Review of claude’s Approach (Round 1)
Summary
Claude compiled a comprehensive notes file in
prove_JCA_undecidable.md, restating the JCAQP definition,
constraints (fixed signature, existence problem), and surveying
candidate undecidable sources (semi-unification, SREU, second-order
unification, PCP). They explored reductions mainly from semi-unification
and from computation/PCP encodings using term-structured traces, then
documented why each path hits expressivity barriers in the pure
equational language over T(F).
Strengths
- Clear structure and coverage of multiple candidate source problems.
- Explicit discussion of the “assumption gap” for SREU under fixed-model semantics.
- Concrete worked example for semi-unification, which helps show why a naive encoding is too strong.
- Good articulation of the core obstacle: equational constraints cannot enforce recursive structure or “for all subpositions” checks.
Different Tradeoffs
- Claude prioritized breadth: surveying multiple undecidable sources and outlining several partial encodings, trading off depth on any single reduction.

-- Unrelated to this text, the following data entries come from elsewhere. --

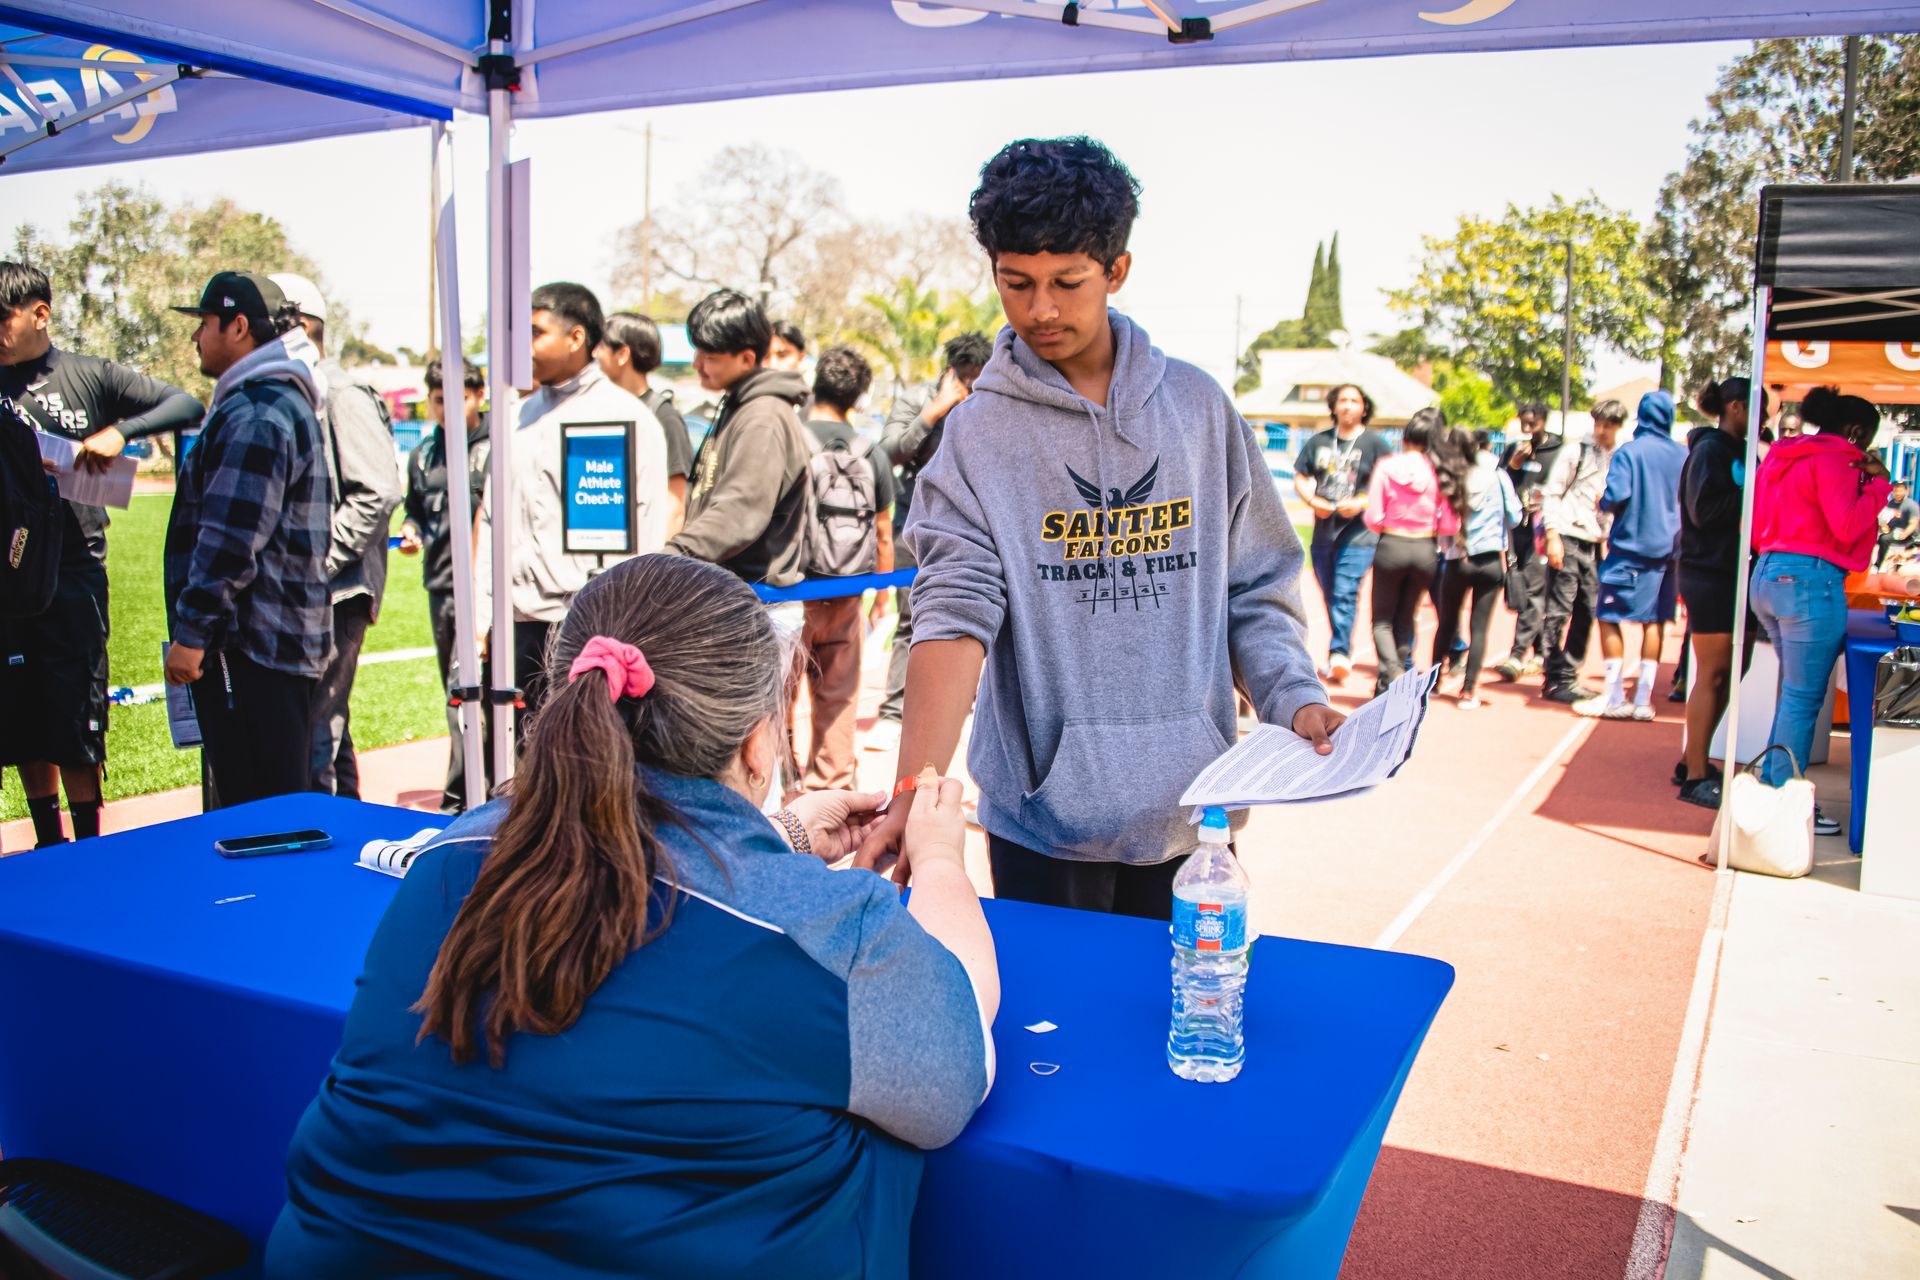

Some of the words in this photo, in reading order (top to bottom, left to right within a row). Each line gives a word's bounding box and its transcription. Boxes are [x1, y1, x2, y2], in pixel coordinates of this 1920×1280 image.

[585, 459, 614, 473] Male
[578, 475, 621, 489] Athlete
[574, 491, 624, 505] Check-In
[1041, 497, 1191, 542] SANTEE
[1121, 561, 1137, 577] &

- My approach focused more on formalizing the semantic gap (entailment in T(F) vs. rigid derivability) and on fixed-signature notes, with less exploration of PCP/TM encodings.
Ideas Worth Noting
- The semi-unification angle might be the most promising among classic undecidable problems because it is closer to pure unification/matching than SREU.

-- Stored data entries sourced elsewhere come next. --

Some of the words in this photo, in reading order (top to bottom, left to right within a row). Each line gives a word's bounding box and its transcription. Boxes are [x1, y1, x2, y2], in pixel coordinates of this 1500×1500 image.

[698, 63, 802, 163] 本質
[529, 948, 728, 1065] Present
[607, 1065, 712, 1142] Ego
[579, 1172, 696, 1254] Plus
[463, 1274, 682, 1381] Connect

- The trace-encoding attempt underlines a key constraint: without pattern matching or recursive predicates, verifying “all steps” seems infeasible—this could be formalized as a limitation lemma.
Questions
- Did you find any specific semi-unification variant (e.g., one-step semi-unification or a restricted fragment) that seems closer to expressible in JCAQP?
- Would it help to formalize an impossibility result for expressing “all subterms satisfy property P” using only equations and finite prefixes, to justify why TM/PCP encodings fail?